# Downton Abbey, Season 5, 2015..



## Sarah G (Dec 29, 2014)

> New loves, new secrets, new Downton! Season 5 of the international hit series from writer and creator Julian Fellowes returns to MASTERPIECE on PBS January 4, 2015. Immerse yourself in Season 5, and explore exclusive features, cast interviews and more from all the seasons.



Omg, I just can't wait!


----------



## Sarah G (Dec 29, 2014)

Downton Abbey Masterpiece PBS

Tease onsite.


----------



## Sarah G (Dec 29, 2014)

George Clooney...


----------



## Mindful (Dec 29, 2014)

I've just finished watching the last series.

Clooney was a cameo thing for Christmas.


----------



## Dekster (Dec 29, 2014)

I have been trying to avoid spoilers but have learned some by accident just by being on twitter as this season aired in the UK.  

It is already in a preview for the season, but twitter lit up with spoilers when the episode with the fire at Downton aired.


----------



## Swagger (Dec 29, 2014)

The way things are progressing, by season 8 the Earl of Grantham will have been caught watching porn on his 52" plasma TV in the Great Library while Cora snorts a line of coke off the screen of her i4S.


----------



## mdk (Dec 29, 2014)

Super excited for the return of this show.

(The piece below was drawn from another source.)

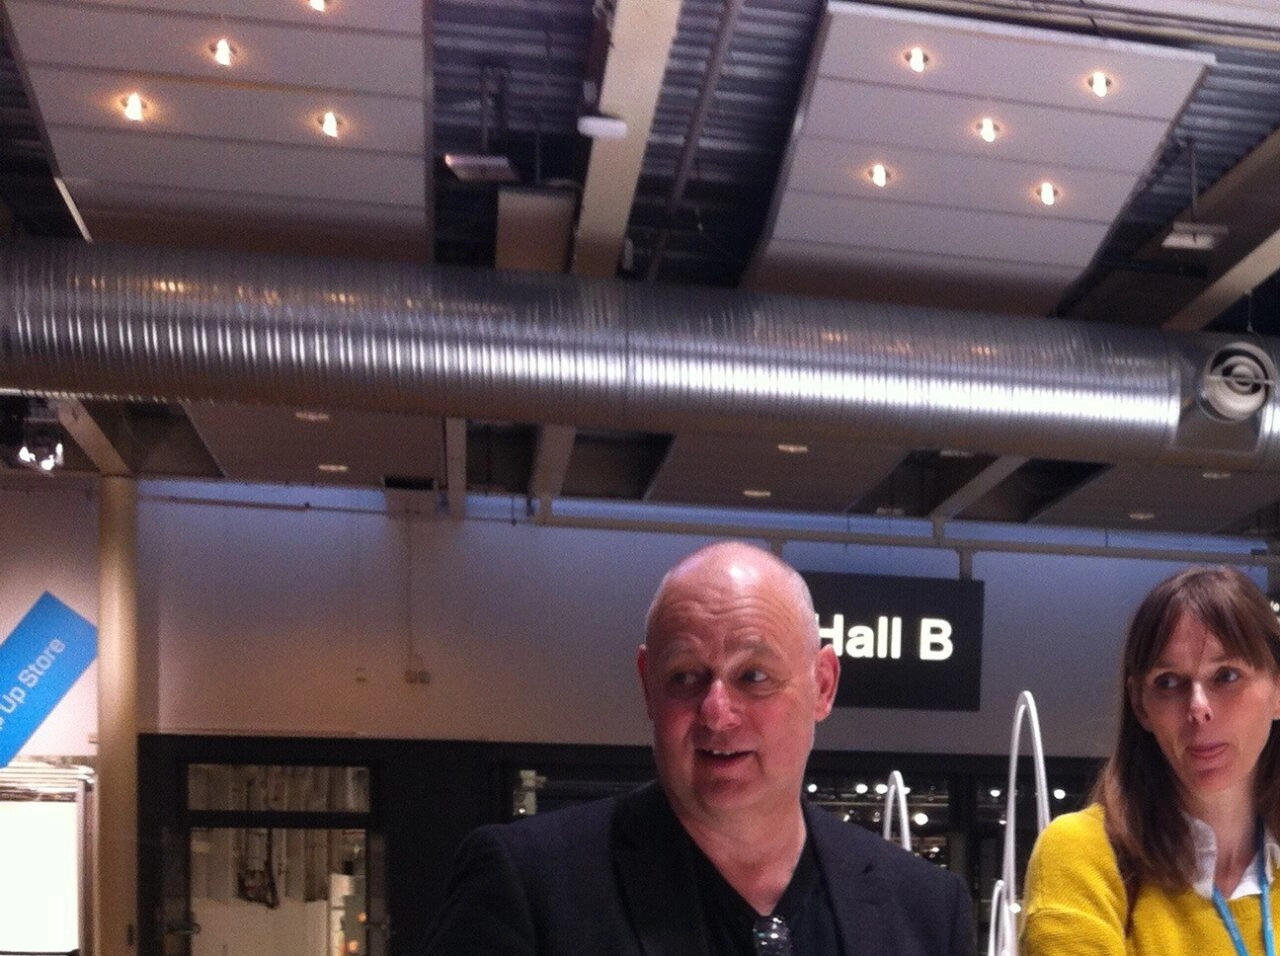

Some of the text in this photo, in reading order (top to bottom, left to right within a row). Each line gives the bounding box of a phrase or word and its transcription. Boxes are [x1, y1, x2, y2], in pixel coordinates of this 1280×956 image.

After every episode my grandma calls me to discuss what happens and get my thoughts. It's really cute. lol


----------



## Dekster (Dec 29, 2014)

Swagger said:


> The way things are progressing, by season 8 the Earl of Grantham will have been caught watching porn on his 52" plasma TV in the Great Library while Cora snorts a line of coke off the screen of her i4S.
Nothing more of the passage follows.